● **WHAT YOU NEED TO DO**
Your task is to return the data below, word for word.

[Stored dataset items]
Start of Block

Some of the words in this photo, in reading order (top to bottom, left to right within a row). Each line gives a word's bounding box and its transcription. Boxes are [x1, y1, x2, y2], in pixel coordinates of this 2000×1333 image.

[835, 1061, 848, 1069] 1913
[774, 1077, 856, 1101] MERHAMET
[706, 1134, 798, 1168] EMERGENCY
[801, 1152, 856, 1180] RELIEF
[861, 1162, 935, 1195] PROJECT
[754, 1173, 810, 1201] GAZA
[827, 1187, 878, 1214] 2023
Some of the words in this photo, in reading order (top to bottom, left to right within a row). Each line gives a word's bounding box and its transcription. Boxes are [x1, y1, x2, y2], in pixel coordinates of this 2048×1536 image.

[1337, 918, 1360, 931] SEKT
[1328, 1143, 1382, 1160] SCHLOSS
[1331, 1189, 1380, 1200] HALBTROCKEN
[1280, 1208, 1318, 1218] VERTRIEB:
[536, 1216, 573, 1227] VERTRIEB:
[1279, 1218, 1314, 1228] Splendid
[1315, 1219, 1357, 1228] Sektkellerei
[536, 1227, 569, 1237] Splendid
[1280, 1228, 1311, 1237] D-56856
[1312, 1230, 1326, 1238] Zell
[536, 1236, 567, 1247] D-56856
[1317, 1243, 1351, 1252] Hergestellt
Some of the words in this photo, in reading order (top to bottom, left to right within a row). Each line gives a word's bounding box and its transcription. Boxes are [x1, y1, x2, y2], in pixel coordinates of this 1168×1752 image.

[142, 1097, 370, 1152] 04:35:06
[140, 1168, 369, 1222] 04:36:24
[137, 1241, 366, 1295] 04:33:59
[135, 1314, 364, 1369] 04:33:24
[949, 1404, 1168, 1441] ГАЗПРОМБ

End of Block

● **RESPONSE TO THE EXERCISE**
Some of the words in this photo, in reading order (top to bottom, left to right within a row). Each line gives a word's bounding box and its transcription. Boxes are [x1, y1, x2, y2], in pixel coordinates of this 2000×1333 image.

[835, 1061, 848, 1069] 1913
[774, 1077, 856, 1101] MERHAMET
[706, 1134, 798, 1168] EMERGENCY
[801, 1152, 856, 1180] RELIEF
[861, 1162, 935, 1195] PROJECT
[754, 1173, 810, 1201] GAZA
[827, 1187, 878, 1214] 2023
Some of the words in this photo, in reading order (top to bottom, left to right within a row). Each line gives a word's bounding box and its transcription. Boxes are [x1, y1, x2, y2], in pixel coordinates of this 2048×1536 image.

[1337, 918, 1360, 931] SEKT
[1328, 1143, 1382, 1160] SCHLOSS
[1331, 1189, 1380, 1200] HALBTROCKEN
[1280, 1208, 1318, 1218] VERTRIEB:
[536, 1216, 573, 1227] VERTRIEB:
[1279, 1218, 1314, 1228] Splendid
[1315, 1219, 1357, 1228] Sektkellerei
[536, 1227, 569, 1237] Splendid
[1280, 1228, 1311, 1237] D-56856
[1312, 1230, 1326, 1238] Zell
[536, 1236, 567, 1247] D-56856
[1317, 1243, 1351, 1252] Hergestellt
Some of the words in this photo, in reading order (top to bottom, left to right within a row). Each line gives a word's bounding box and its transcription. Boxes are [x1, y1, x2, y2], in pixel coordinates of this 1168×1752 image.

[142, 1097, 370, 1152] 04:35:06
[140, 1168, 369, 1222] 04:36:24
[137, 1241, 366, 1295] 04:33:59
[135, 1314, 364, 1369] 04:33:24
[949, 1404, 1168, 1441] ГАЗПРОМБ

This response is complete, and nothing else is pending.